August 9, 2019 – In a month with relatively pedestrian returns for U.S. and Canadian equity markets, up 1.4% and 0.3% respectively, the multi-factor portfolios downright kicked ass in the month of July with an 8.5% gain (long minus short) in Canada and an 8.9% return in the U.S.

All factors in both the U.S. and Canada experienced positive returns in the month. AlphaRank went 12 for 12 in July.

AlphaRank Canadian Stocks

The Canadian multi-factor long-short portfolio gained 8.5% for the month, consisting of a 5.4% gain for the long multi-factor portfolio and a -3.1% decline for the short multi-factor portfolio. The outperformance of the multi-factor portfolio was driven by both the long and short performance of the price momentum, operating momentum and trend factors in Canada. The value and quality factors generated small positive contributions to performance.

The portfolio of stocks with top decile positive price momentum went up 4.8% in July, while the portfolio of bottom decile momentum stocks, the 10% of Canadian stocks with the most negative price momentum, declined -3.2%.

Both operating momentum and trend had similar performance in July. Top decile operating momentum and trend stocks in Canada were up 2.3% and 4.7%, respectively. On the short side, both factors contributed to positive performance with a decline of -4.5% for bottom decile operating momentum stocks and a -5.5% fall for the worst trending stocks.

AlphaRank U.S. Stocks

In July, the multi-factor model outperformed substantially in the U.S., with a net alpha of 8.9%.

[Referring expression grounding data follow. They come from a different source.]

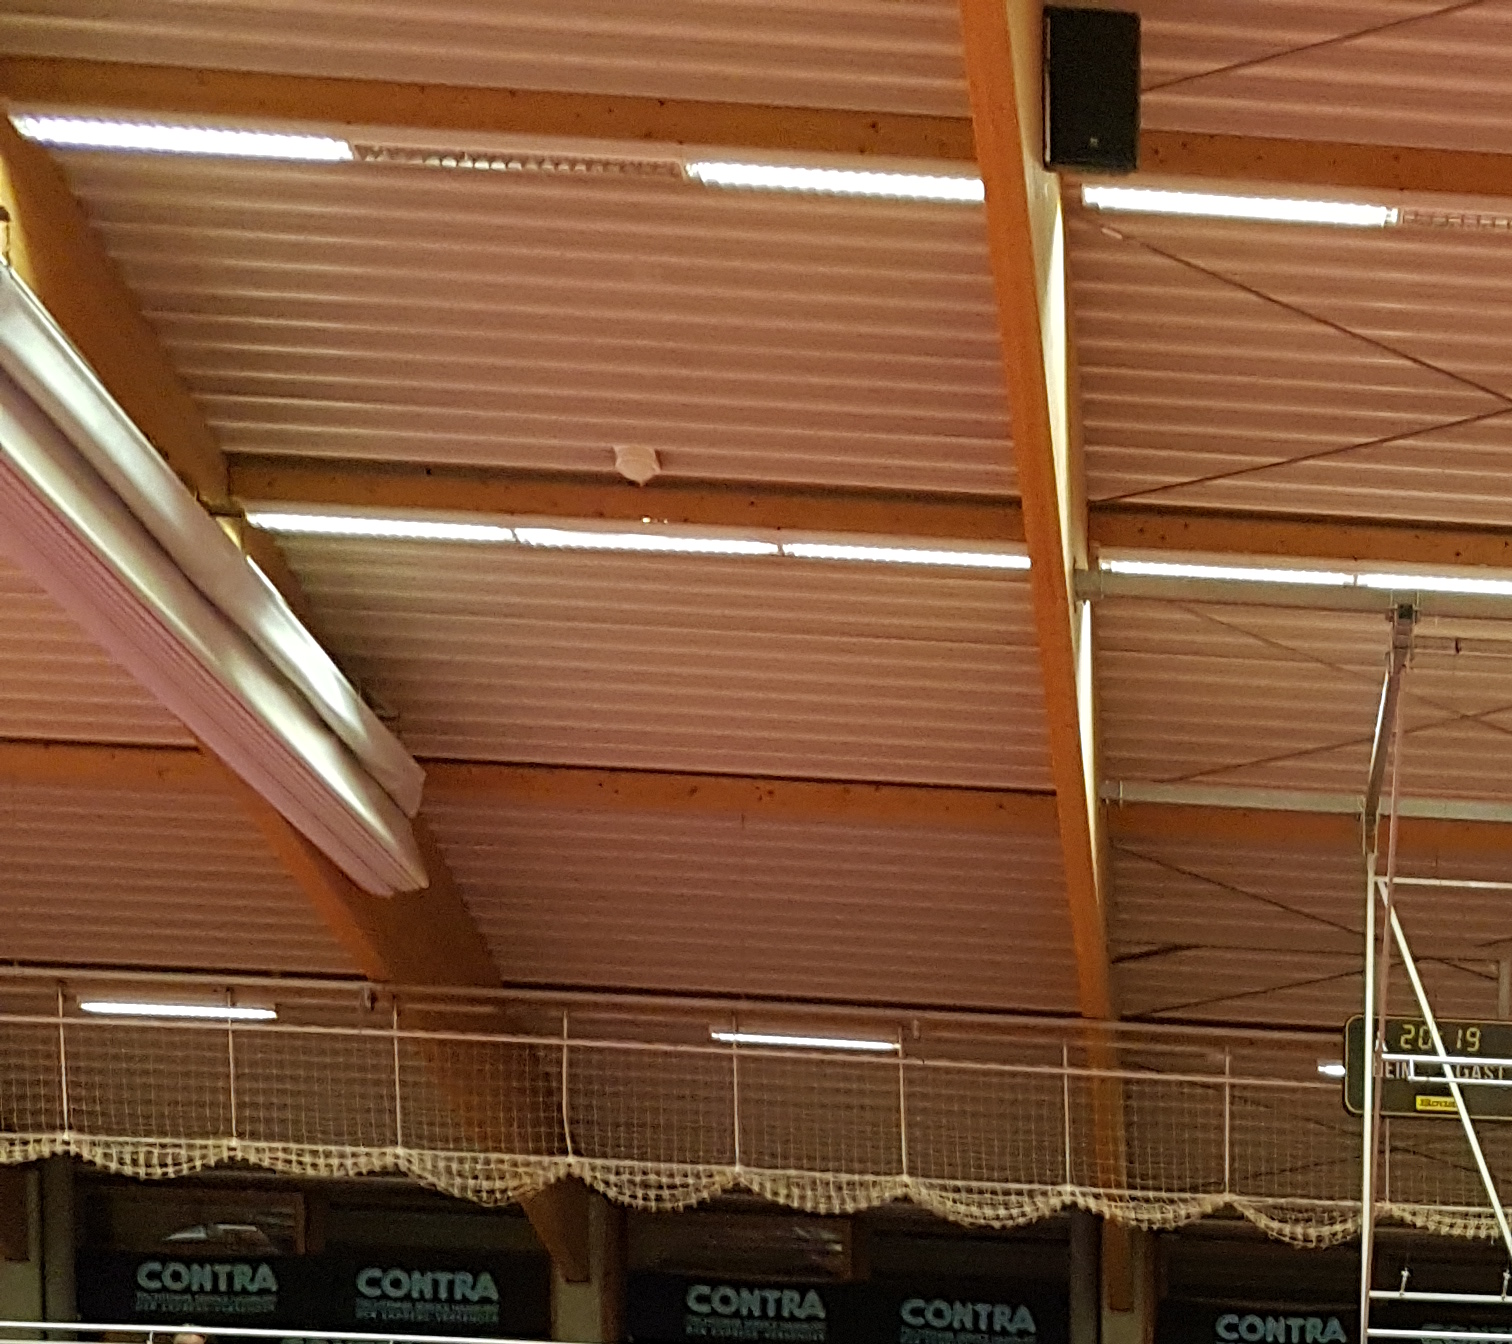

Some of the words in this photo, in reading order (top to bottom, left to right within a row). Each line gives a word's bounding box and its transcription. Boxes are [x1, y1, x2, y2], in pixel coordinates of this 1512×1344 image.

[136, 1261, 279, 1293] CONTRA
[356, 1267, 499, 1301] CONTRA
[686, 1285, 826, 1319] CONTRA
[901, 1298, 1036, 1335] CONTRA
[1215, 1314, 1347, 1344] CONTRA

In contrast to the Canadian multi-factor portfolio performance, the U.S. multi-factor portfolio’s performance came exclusively from the short side. The long portfolio had slight gains but nearly all the alpha generated came from the short side, as the short bottom decile multi-factor portfolio fell -8.7% in July. 

The long performance of all U.S. factor portfolios was effectively flat, but all of the short portfolios suffered significant declines (which is desired when one is short the stocks).

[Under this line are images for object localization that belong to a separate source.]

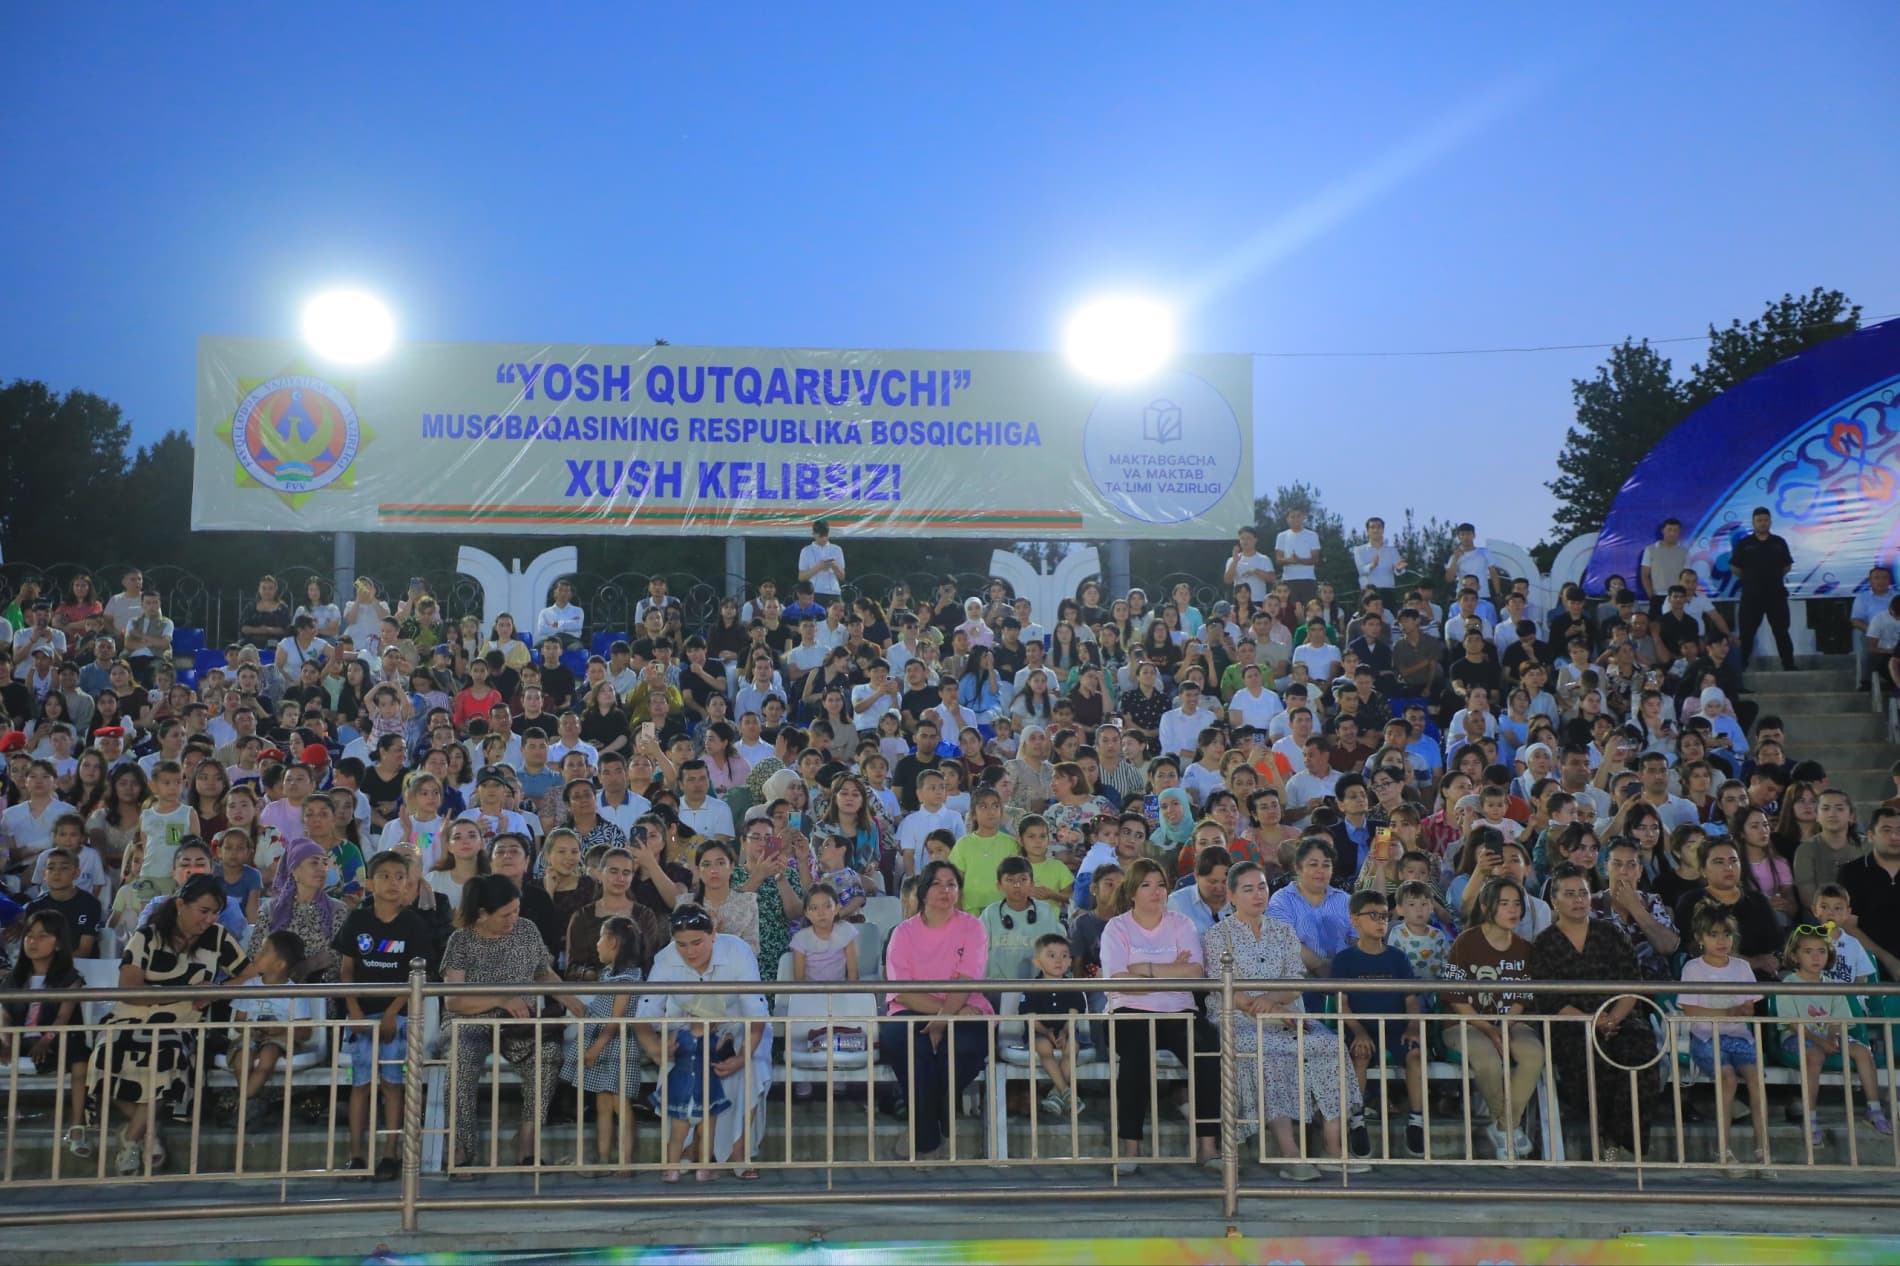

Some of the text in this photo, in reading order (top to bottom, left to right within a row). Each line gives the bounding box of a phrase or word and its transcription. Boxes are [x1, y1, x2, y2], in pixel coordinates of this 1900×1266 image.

[421, 413, 1042, 447] MUSOBAQASINING RESPUBLIKA BOSQICHIGA
[1109, 455, 1217, 467] MAKTABGACHA
[564, 460, 901, 501] XUSH KELIBSIZ!
[1122, 468, 1204, 480] VA MAKTAB
[1158, 482, 1222, 495] VAZIRLIGI

The long U.S. value portfolio struggled in July, declining -2.0%. However, this loss was more than offset by a -8.5% decline for the short value portfolio, which is short the 10% of stocks with the least attractive valuations.

The long U.S. top decile quality and operating momentum portfolios experienced similar underperformance, falling -1.5% and -2.4% respectively. However, these long-short factor portfolios notched gains as the short portfolios more than offset losses on the long side. The short bottom decile quality portfolio dropped -7.5% while the short bottom 10% operating momentum stocks declined -4.1%.

Long U.S. top decile price momentum and trend portfolios were roughly flat for the month, while the short bottom decile price momentum and trend portfolios performed exceptionally well, dropping -9.4% and -8.7% respectively.

A Grand Slam For the AlphaRank Multi-Factor Portfolios

The AlphaRank factors went 12 for 12 in July, with each factor generating long-short alpha for the month. While both Canada and U.S. multi-factor portfolios generated significant outperformance of 8.5% and 8.9% respectively, it’s notable that nearly all of the U.S. multi-factor portfolio’s performance came from the short side. This is especially noteworthy in a month when the S&P 500 was up 1.4%.

Multi-factor investment products are starting to proliferate in the market, with many ETFs looking to capitalize on the positive expected returns provided by harvesting factors. AlphaRank proves that these multi-factor ETFs miss one of the main drivers of factor outperformance, which is the short portfolios.